Since the pictures are not wanted, reproduce only the rest of the records, exactly as given.

RECORDS FOR THE EXERCISE: Begin

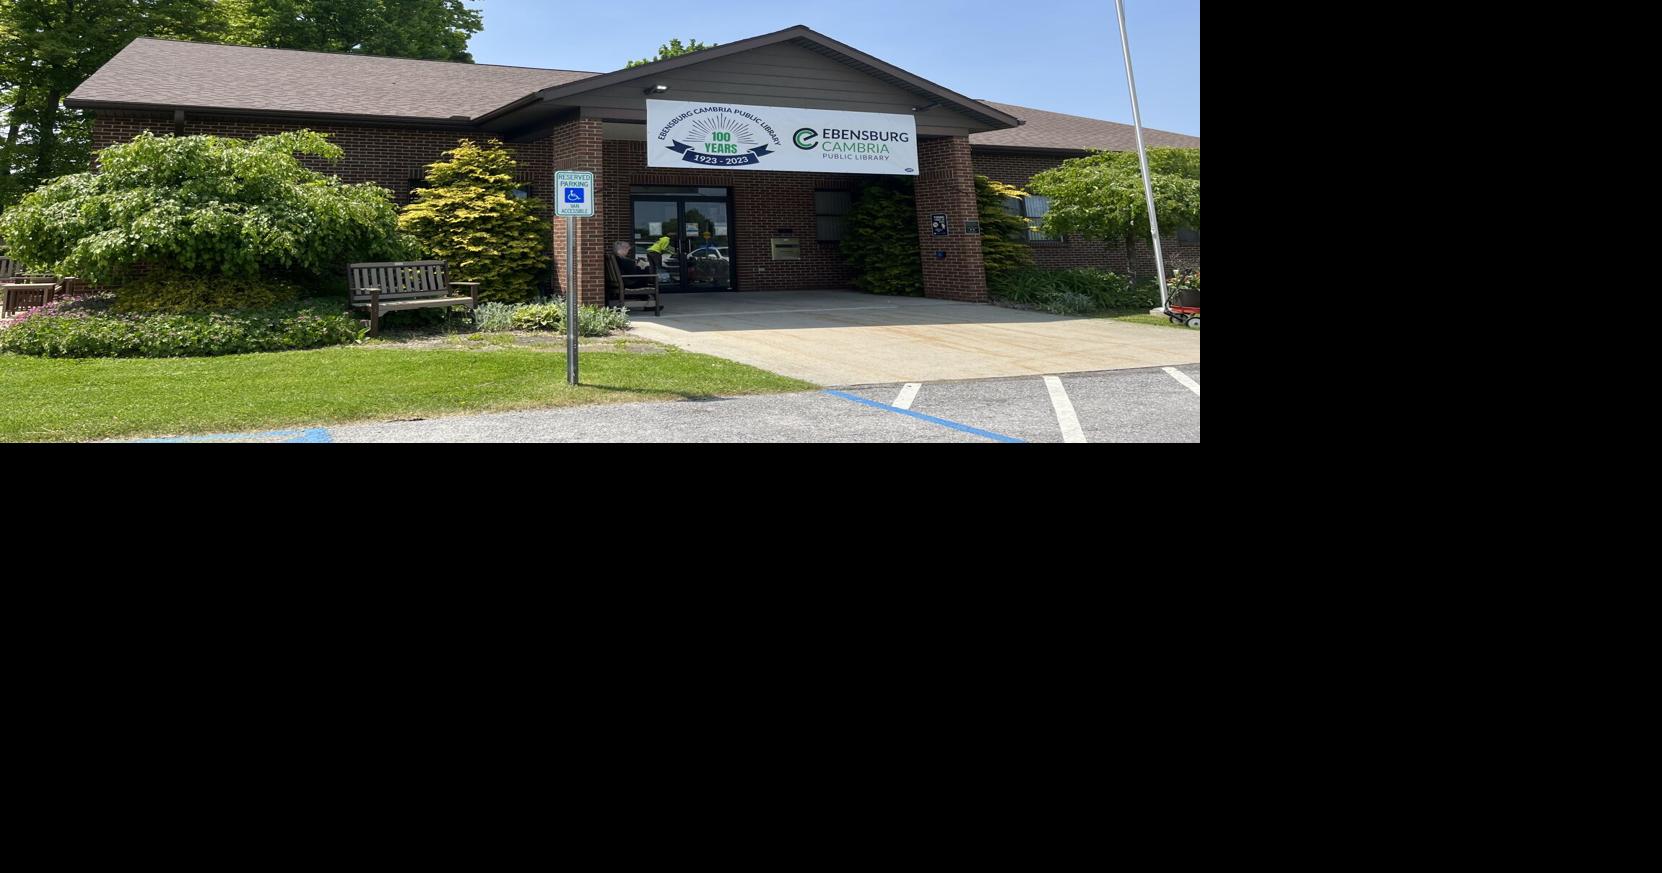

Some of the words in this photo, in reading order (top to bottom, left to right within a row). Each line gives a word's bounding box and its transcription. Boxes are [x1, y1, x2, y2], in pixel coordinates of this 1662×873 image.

[658, 110, 693, 140] EBENSBURG
[693, 106, 732, 115] CAMBRIA
[734, 109, 763, 124] PUBLIC
[760, 122, 781, 146] LIBRARY
[712, 131, 731, 142] 100
[822, 128, 909, 143] EBENSBURG
[704, 142, 738, 154] YEARS
[822, 141, 890, 154] CAMBRIA
[694, 154, 717, 165] 1923
[726, 155, 749, 165] 2023
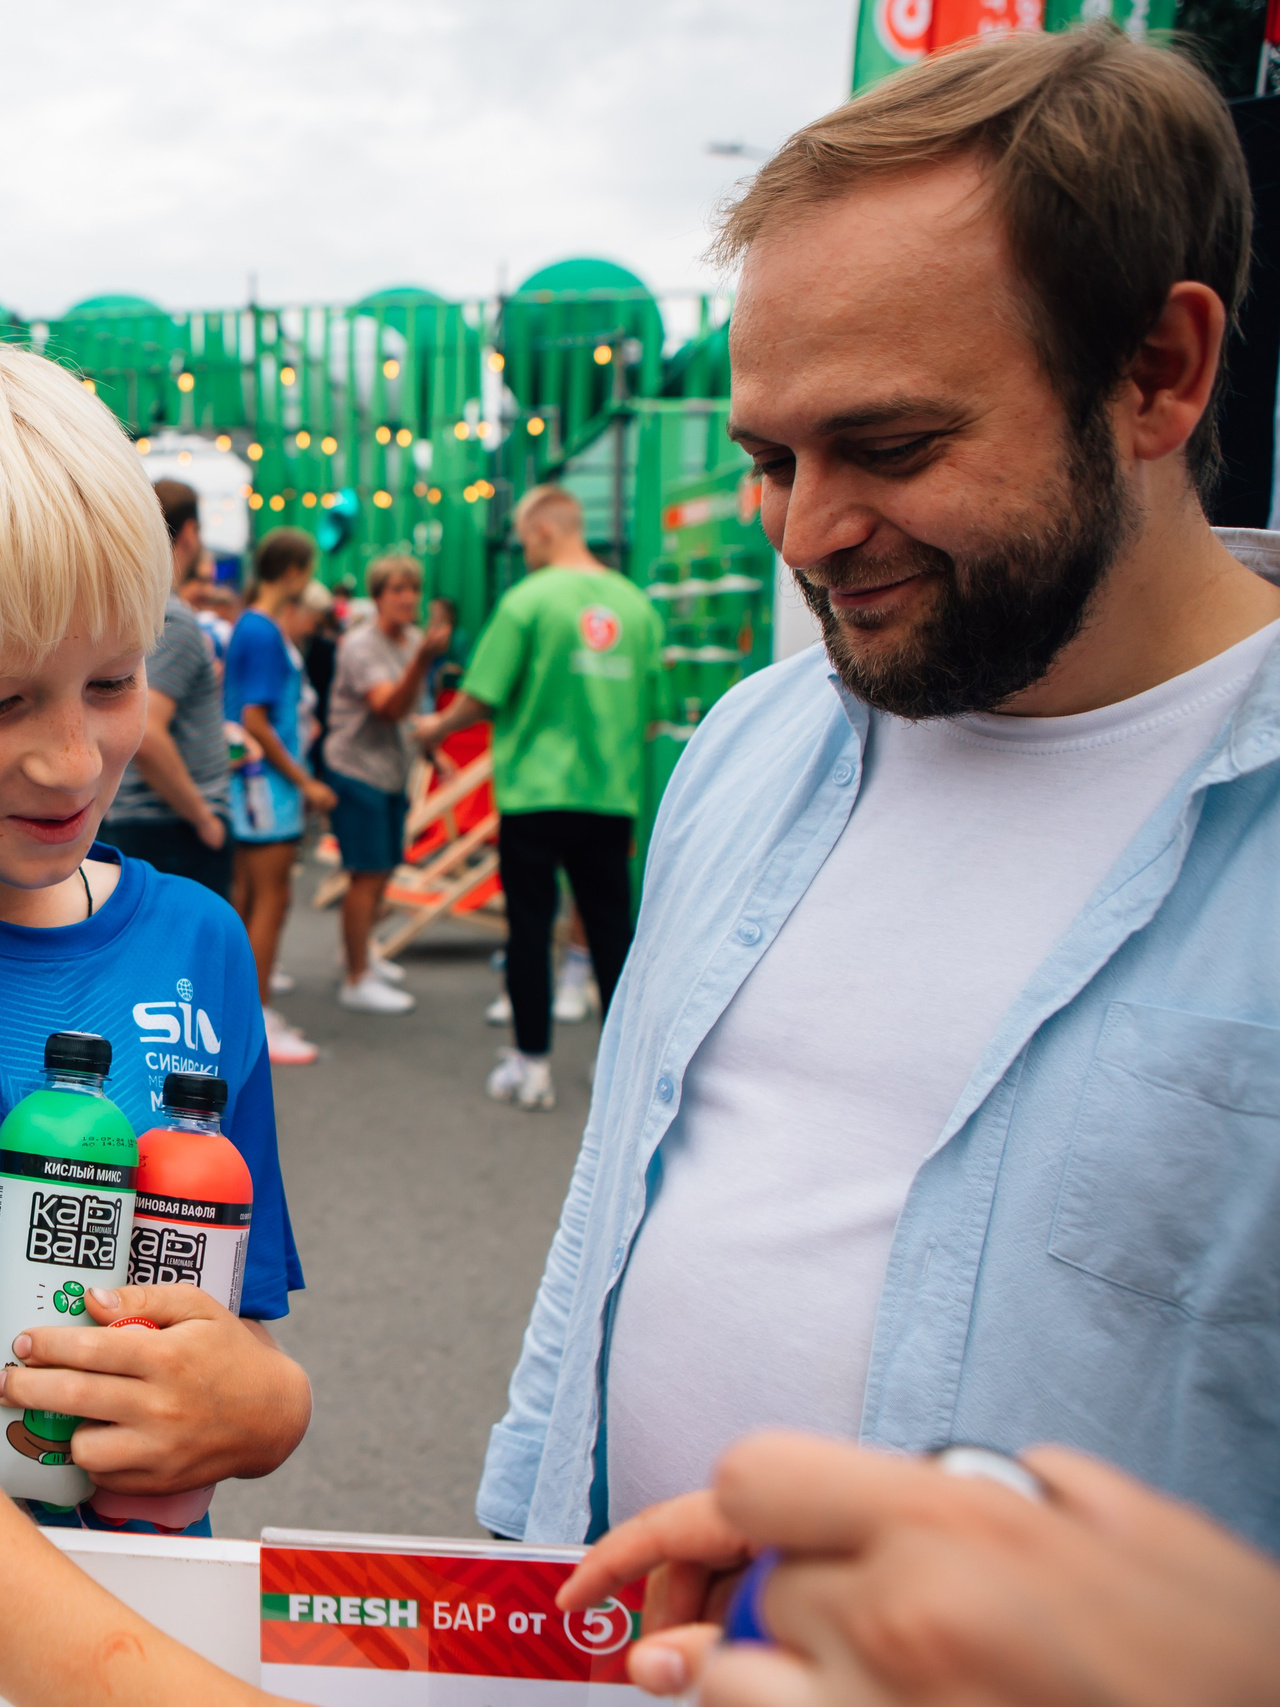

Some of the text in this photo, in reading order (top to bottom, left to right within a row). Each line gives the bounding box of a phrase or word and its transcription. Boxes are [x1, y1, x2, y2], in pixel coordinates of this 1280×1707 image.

RECORDS FOR THE EXERCISE: End

### COMPLETED TASK
Some of the words in this photo, in reading order (top to bottom, left to right within a row). Each line gives a word's bounding box and its transcription. Boxes are [x1, y1, x2, y2], in pixel coordinates of this 1662×873 image.

[658, 110, 693, 140] EBENSBURG
[693, 106, 732, 115] CAMBRIA
[734, 109, 763, 124] PUBLIC
[760, 122, 781, 146] LIBRARY
[712, 131, 731, 142] 100
[822, 128, 909, 143] EBENSBURG
[704, 142, 738, 154] YEARS
[822, 141, 890, 154] CAMBRIA
[694, 154, 717, 165] 1923
[726, 155, 749, 165] 2023

Some of the text in this photo, in reading order (top to bottom, left to right within a row). Each line gives the bounding box of a phrase or word and its transcription. Boxes are [x1, y1, x2, y2], in pixel coordinates of this 1280×1707 image.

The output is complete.